[[ RECORDS FOR THIS TASK, beginning ]]
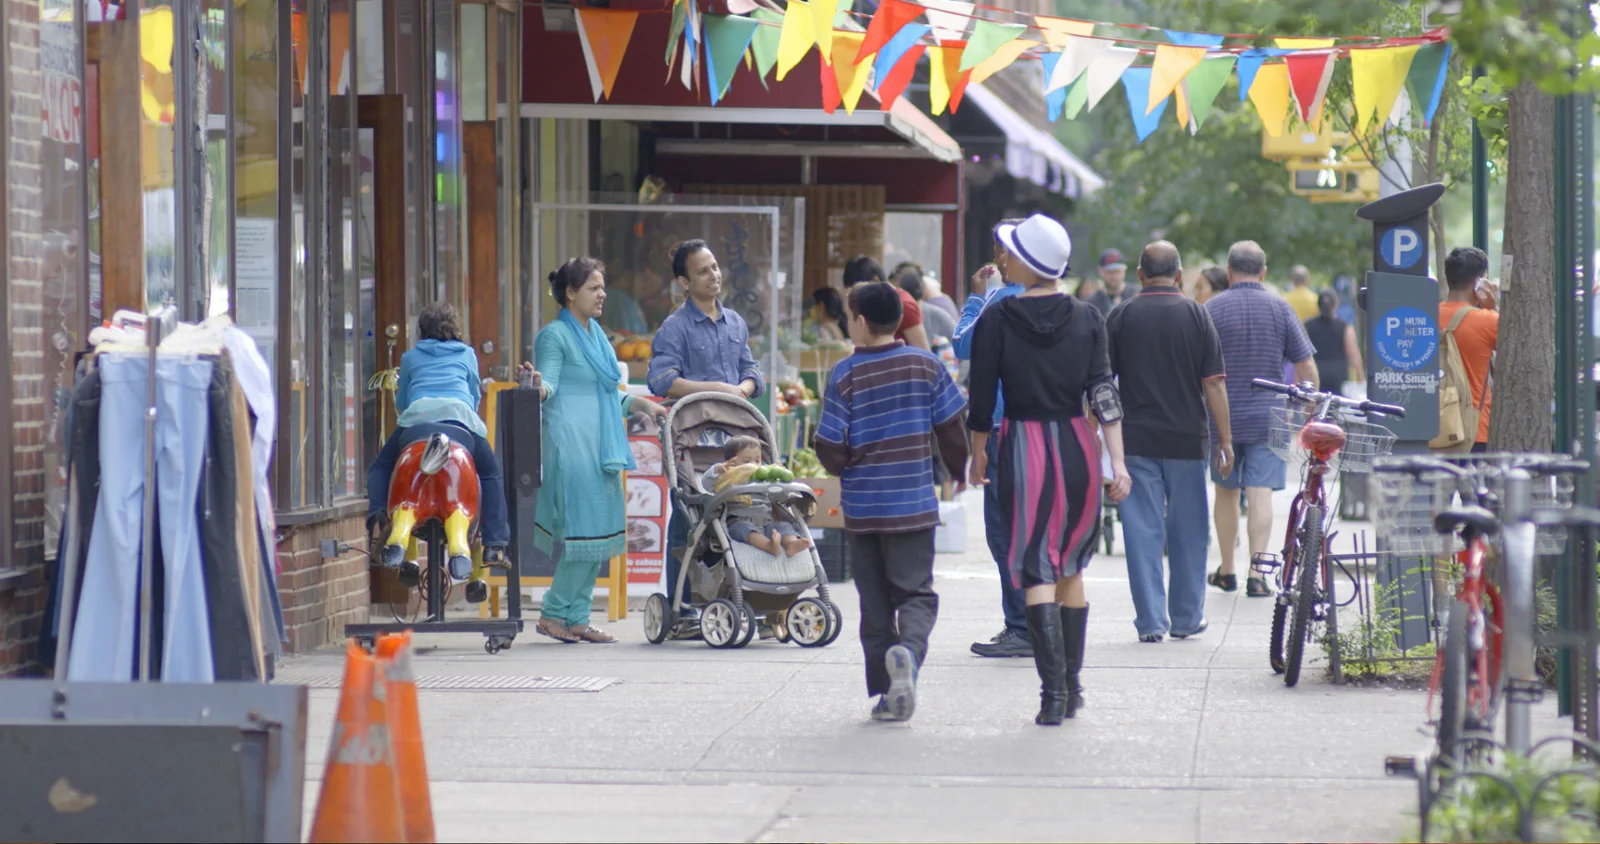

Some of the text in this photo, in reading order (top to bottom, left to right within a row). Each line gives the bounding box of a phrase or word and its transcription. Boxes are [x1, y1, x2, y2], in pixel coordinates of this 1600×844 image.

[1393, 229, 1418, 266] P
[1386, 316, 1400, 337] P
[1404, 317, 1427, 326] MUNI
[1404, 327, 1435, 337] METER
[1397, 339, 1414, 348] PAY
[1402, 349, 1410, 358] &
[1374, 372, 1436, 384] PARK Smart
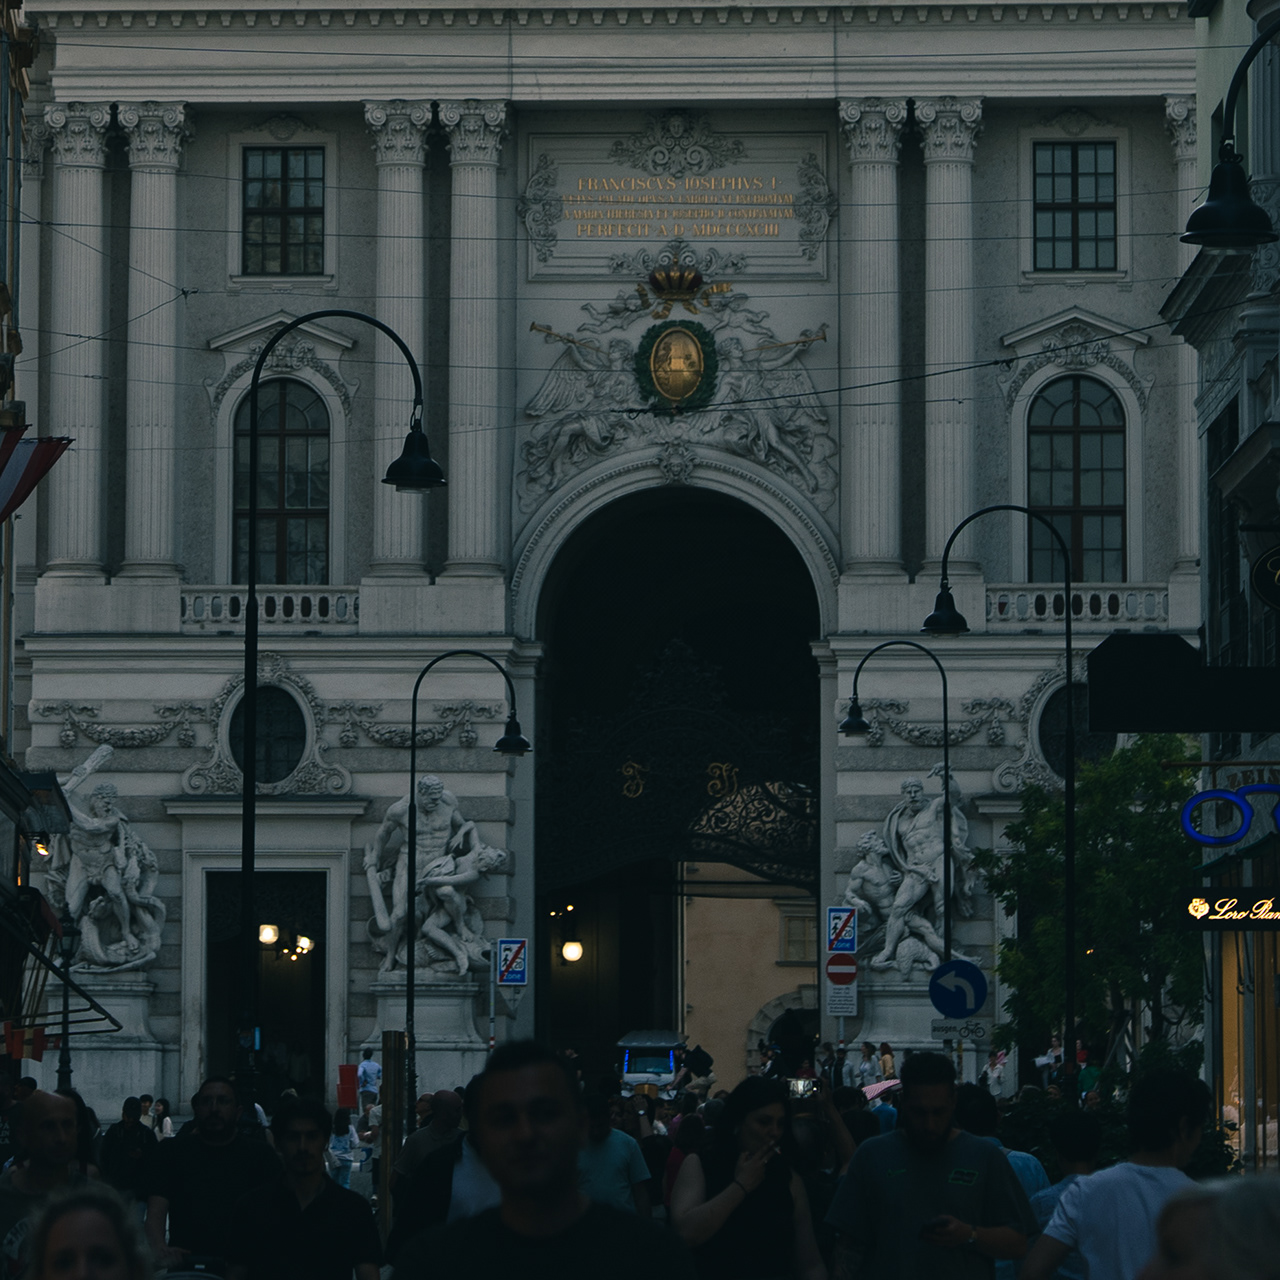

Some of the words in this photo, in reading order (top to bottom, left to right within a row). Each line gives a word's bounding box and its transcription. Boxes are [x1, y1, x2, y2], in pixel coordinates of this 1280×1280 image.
[[ RECORDS FOR THIS TASK, end ]]
Before you return the listing exactly, strip out its pictures.

Some of the text in this photo, in reading order (top to bottom, left to right within a row). Each line gives the bounding box of a phrase or word and its transcription. Boxes are [x1, y1, x2, y2], in pixel coordinates of this 1600×844 image.

[1393, 229, 1418, 266] P
[1386, 316, 1400, 337] P
[1404, 317, 1427, 326] MUNI
[1404, 327, 1435, 337] METER
[1397, 339, 1414, 348] PAY
[1402, 349, 1410, 358] &
[1374, 372, 1436, 384] PARK Smart

Some of the words in this photo, in reading order (top to bottom, left to right within a row). Each line gives a word's bounding box and its transcription. Boxes are [x1, y1, x2, y2], in pixel coordinates of this 1280×1280 image.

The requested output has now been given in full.